Uno de los alicientes que para mí tenía aquella misa de 12 eran los sermones de don Juan Manuel. Lucía en su cabeza una ya avanzada calvicie de cabello ondulado, su cara redonda y sus labios gruesos daban al rostro una sutil pátina oriental. Era persona de humor cambiante. Lo mismo te atendía con una sonrisa que te eludía con un gesto gruñón. Decían que era a causa de sus dolencias gástricas. Pero para mí lo mejor de aquel sacerdote, lo que bien valía una misa, eran sus enfervorizados sermones. Subía al púlpito con paso lento y gesto concentrado. Comenzaba su discurso con palabras a media luz, como si emergiesen desde una oquedad penumbrosa del espíritu; poco a poco iba elevando el tono de su voz, y a medida que su alegato se acercaba a los umbrales del pecado que quería anatematizar, la palabra brotaba iracunda y potente, la mirada centelleaba, su faz enrojecía y su gañote bramaba.
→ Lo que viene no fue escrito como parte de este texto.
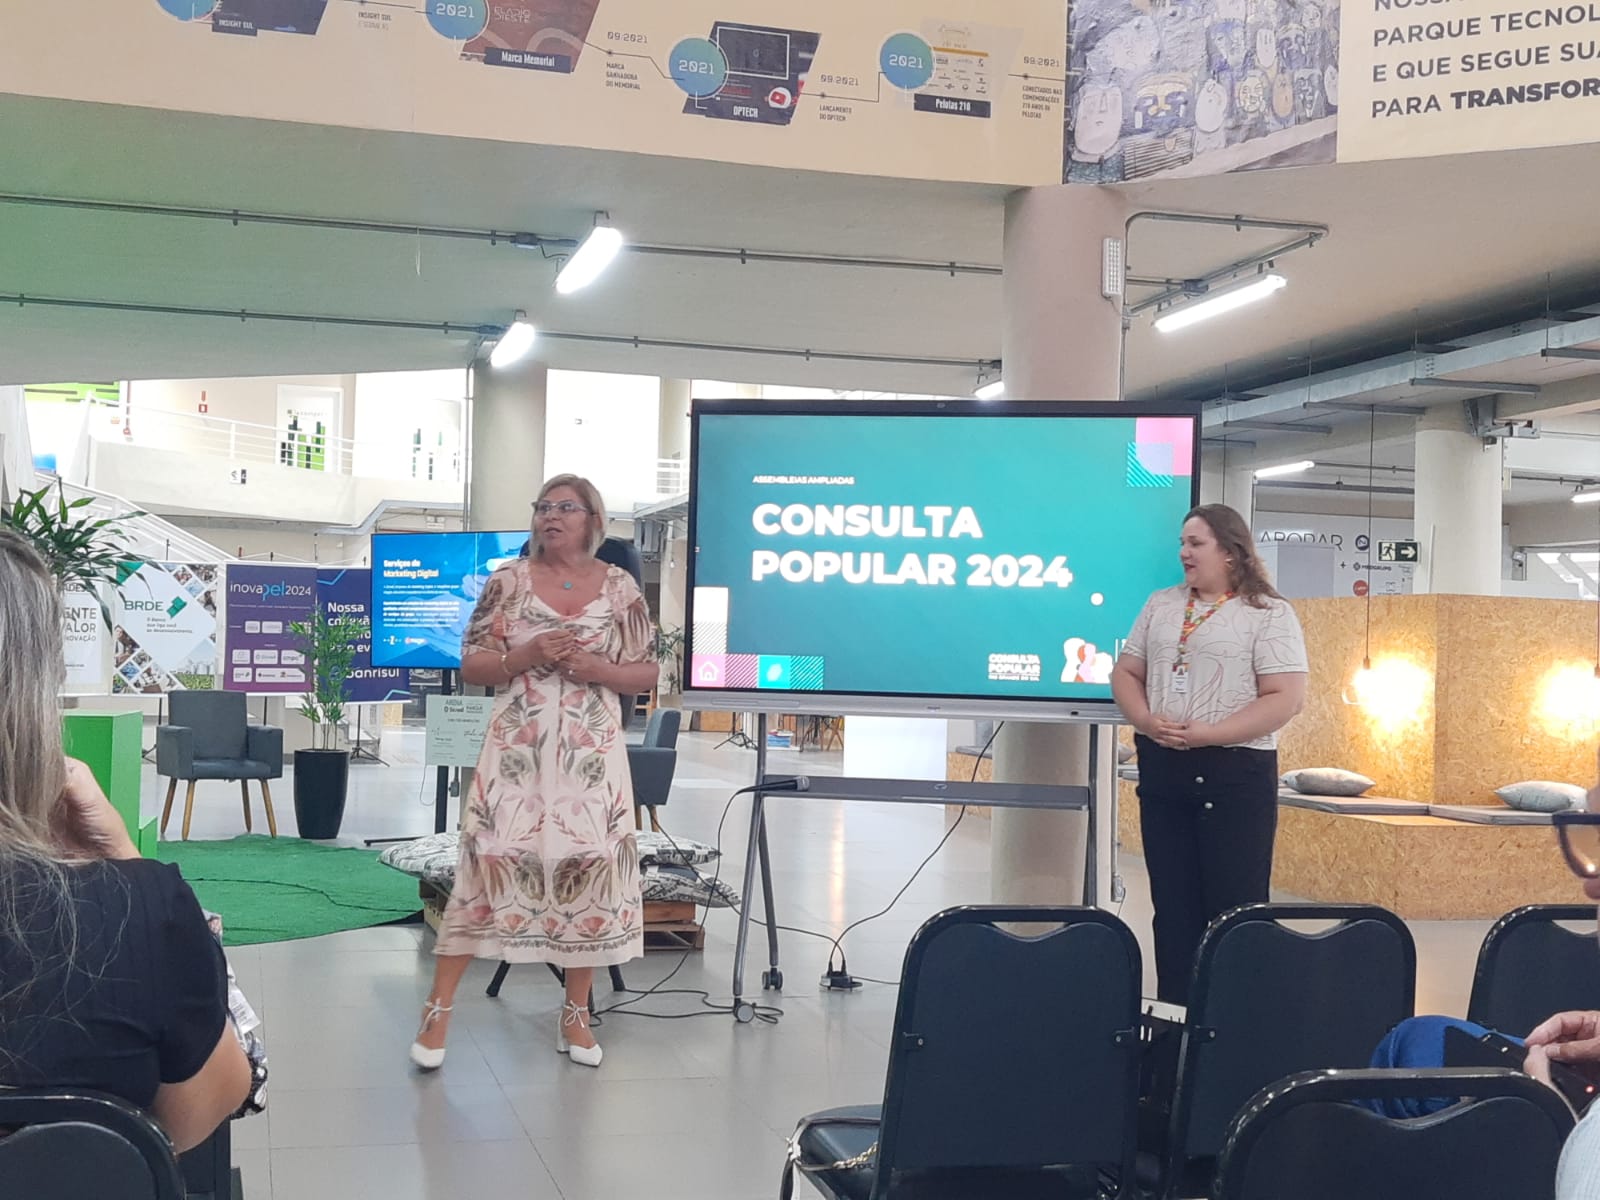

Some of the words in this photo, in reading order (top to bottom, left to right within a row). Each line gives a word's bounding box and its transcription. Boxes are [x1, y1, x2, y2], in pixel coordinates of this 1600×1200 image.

[436, 3, 475, 18] 2021
[1373, 17, 1482, 47] PARQUE
[1491, 3, 1600, 33] TECNOL
[501, 51, 523, 64] Marca
[523, 53, 555, 67] Memorial
[679, 59, 714, 74] 2021
[889, 54, 923, 69] 2021
[1373, 64, 1387, 82] E
[1396, 56, 1451, 80] QUE
[1460, 46, 1550, 73] SEGUE
[1560, 41, 1600, 62] SU
[935, 98, 958, 110] Pelotas
[959, 100, 971, 112] 210
[1372, 94, 1442, 119] PARA
[1450, 77, 1600, 110] TRANSFOR
[733, 105, 759, 118] OPTECH
[752, 503, 983, 538] CONSULTA
[752, 549, 957, 585] POPULAR
[965, 553, 1074, 588] 2024
[124, 600, 164, 611] BRDE
[327, 602, 365, 613] Nossa
[988, 653, 1041, 664] CONSULTA
[988, 663, 1041, 674] POPULAR
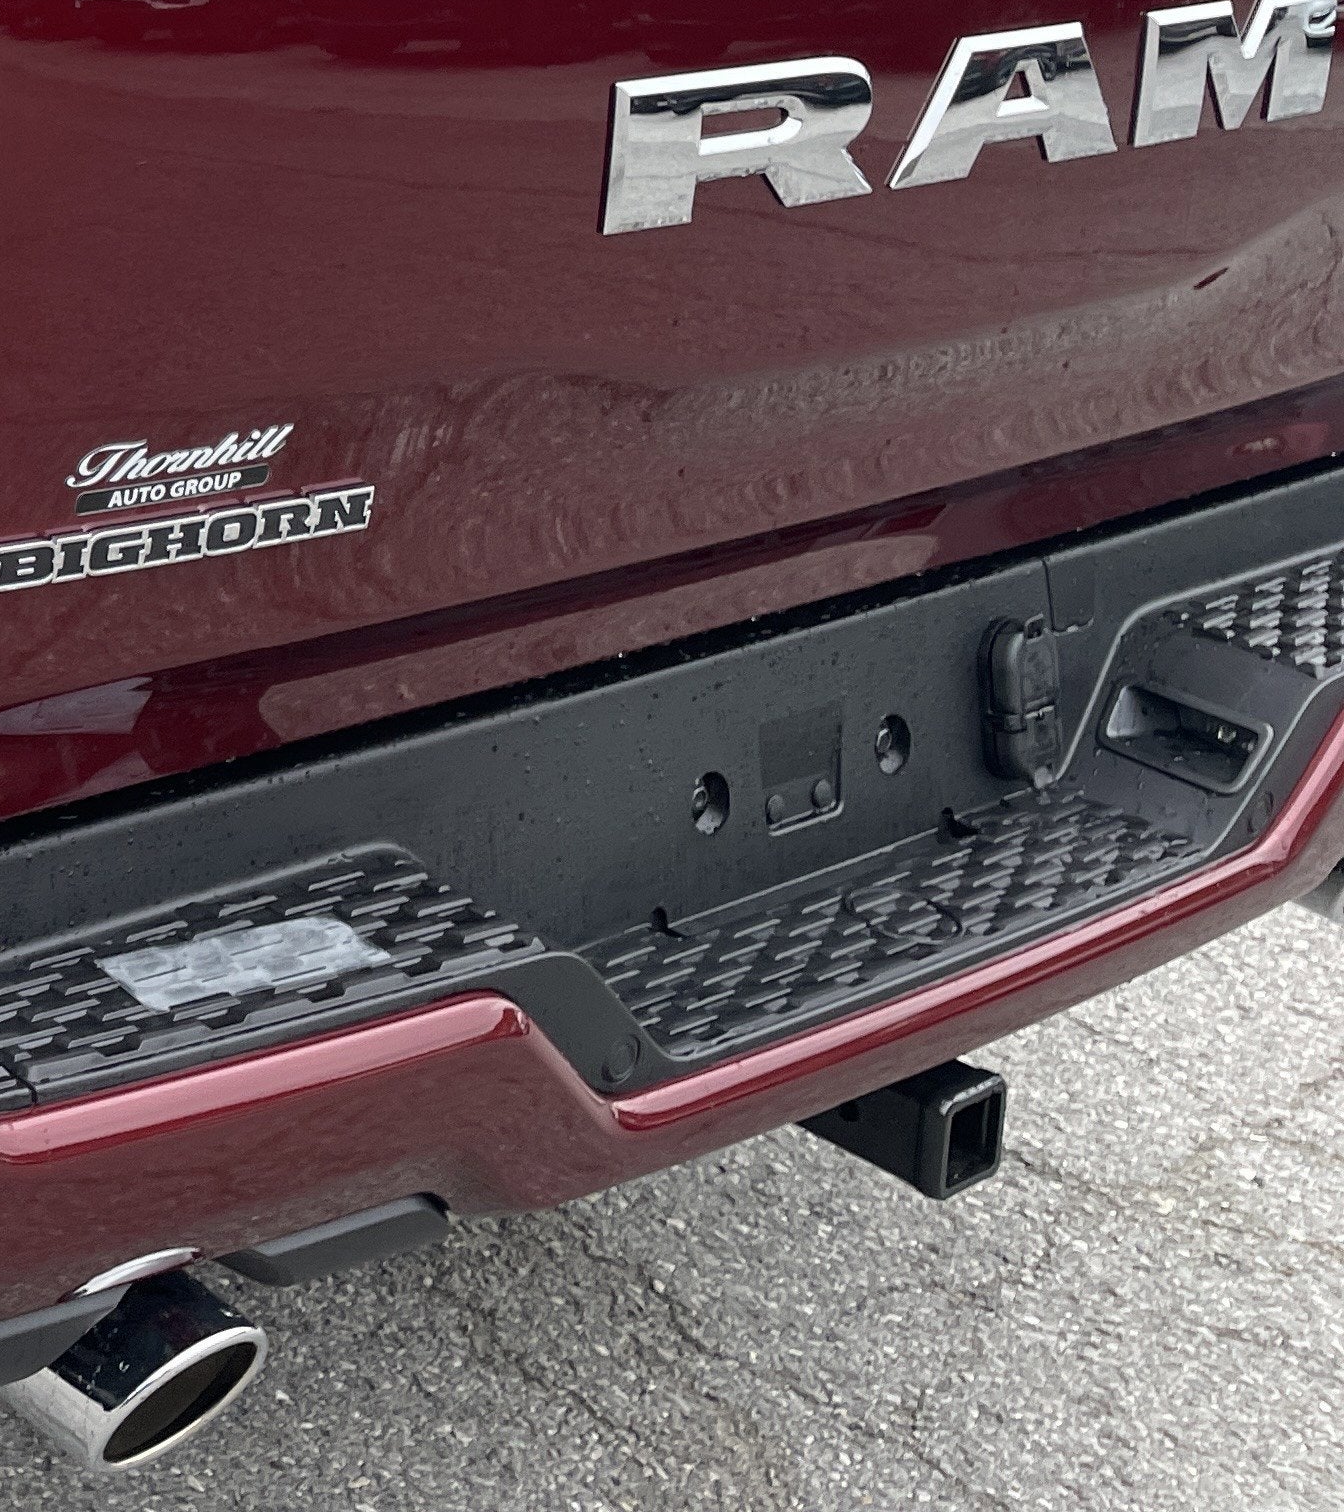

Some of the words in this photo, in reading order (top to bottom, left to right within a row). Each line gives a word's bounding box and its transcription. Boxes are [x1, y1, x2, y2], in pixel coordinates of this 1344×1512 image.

[65, 422, 296, 489] Thornhill
[107, 485, 167, 509] AUTO
[169, 470, 243, 498] GROUP
De pronto paraba en seco y abría un espacio de silencio sostenido, como si esperase oír el latido agitado de nuestros corazones o el sofoco de nuestras conciencias abochornadas por la osadía de nuestros pecados. Tras aquella pausa silente que anegaba el templo, agotado ya por aquella agitación evangélica, descendía a las catacumbas de la laringe y la voz recobraba el tono sereno y grave del comienzo; de ese modo, la calma ponía fin a la tormenta invitando a los congregados a retomar el curso de la liturgia. ¡Magnífico! ¡Soberbio! Por eso, cada domingo acudía y me sentaba a la vera del púlpito, dispuesto a seguir aquella apasionada hinchazón de la palabra hasta su turbadora explosión conminatoria. El rebaño del Señor quedaba así inmunizado contra toda tentación de pecado… al menos por unas horas.
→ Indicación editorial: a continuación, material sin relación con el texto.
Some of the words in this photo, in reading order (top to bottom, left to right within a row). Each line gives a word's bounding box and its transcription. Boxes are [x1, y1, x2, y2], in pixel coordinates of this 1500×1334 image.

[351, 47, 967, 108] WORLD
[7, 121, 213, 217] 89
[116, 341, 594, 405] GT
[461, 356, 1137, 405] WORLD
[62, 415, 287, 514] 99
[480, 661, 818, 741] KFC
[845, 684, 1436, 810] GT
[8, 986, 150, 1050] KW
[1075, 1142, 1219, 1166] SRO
Pero don Juan Manuel tenía una pasión lúdica que era el patinaje. La descubrimos cuando una tarde, inesperadamente, pidió a un muchacho que le prestase los patines. Se los calzó, los ató fuertemente, y ante nuestro asombro empezó a patinar por la plaza, cantón arriba, cantón abajo. Allí iba don Juan Manuel, cuan grande era, deslizándose con pleno dominio de los patines; la sotana, ligeramente remangada, dejaba a la vista los pantalones. Verle los pantalones a un cura era como poner al descubierto una intimidad viril escondida, una especie de injerto laico en aquel mediador divino.

Cuando algunas beatas, de vida fronteriza con el más allá, cuyas almas arrugadas solía planchar don Juan Manuel de tarde en tarde, veían la travesura mundana de aquel niño grande de sotana y pantalones reían nerviosas y agitadas. Está claro que desde aquel día ganó más adeptos; el apostolado de don Juan Manuel iba sobre ruedas.

Y vea el lector lo que son las cosas del escribir; tenía pensada para este artículo otra ruta, otra reflexión a propósito de aquella religiosidad de los años cincuenta tan distinta de la idea que yo tengo de lo que realmente es el “homo religiosus”. Pero se cruzaron los recuerdos de la infancia que me detuvieron y entretuvieron. Lo siento, otra vez será.